National Instruments launched four new pieces of software for industrial applications at NI Week. LabView 2018 allows engineers to integrate more third-party IP from tools like Python to make the most of the strengths of each package or existing IP. New functionality strengthens code reliability by automating the building and execution of software through integration with open interface tools like Jenkins for continuous delivery. For test engineers using FPGAs for high-performance processing, there are new deep-learning functions and improved floating-point operations.
FlexLogger acquires and logs synchronised, mixed measurements without programming. It’s designed to help automotive test departments quickly capture accurate, well documented data to verify system functionality in real-world conditions and comply with strict government regulations.
Technology innovations in areas like active safety, electrification and vehicle-to-everything (V2X) communication are changing how the automotive industry designs, tests and produces vehicles.

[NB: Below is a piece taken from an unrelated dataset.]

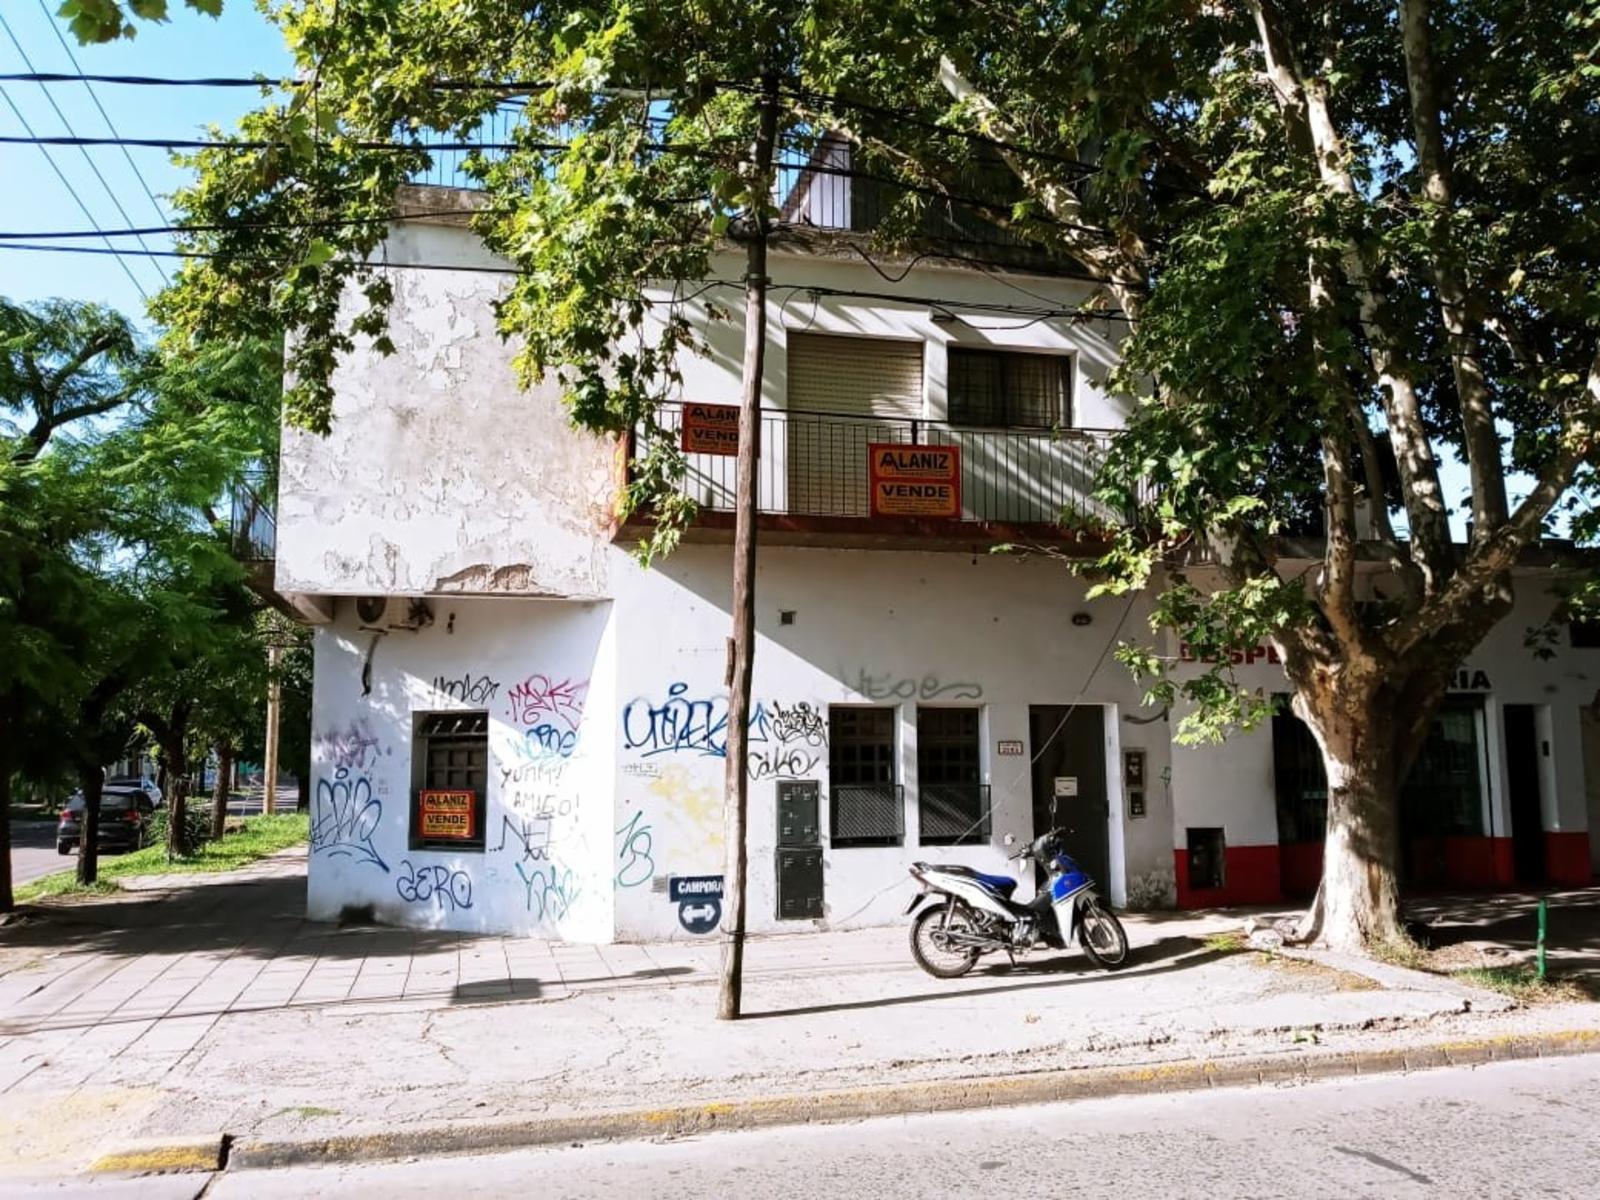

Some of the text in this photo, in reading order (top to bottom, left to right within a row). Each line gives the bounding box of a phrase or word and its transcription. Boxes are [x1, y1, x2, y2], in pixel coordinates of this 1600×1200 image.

InstrumentStudio puts PXI modular instruments into a single view so engineers can capture screenshots and measurement results from their suite of instruments. It can also save project-level configurations for specific devices under test that can be repurposed later or shared with colleagues. They can export configuration files to programming environments that reproduce settings.
“For two decades, test and validation engineers have reduced their total cost of test and brought products to market faster using modular instruments on the PXI platform,” said Luke Schreier. “InstrumentStudio makes using NI PXI instruments even easier – from initial product discovery to system debugging – all with intuitive connections to programming environments and test sequencers. It’s a valuable tool in unlocking the full potential and usability of your bench or automated test rack.”
InstrumentStudio is included with the purchase of an NI PXI instrument. Engineers can also download the complimentary software from ni.com for use with existing NI products.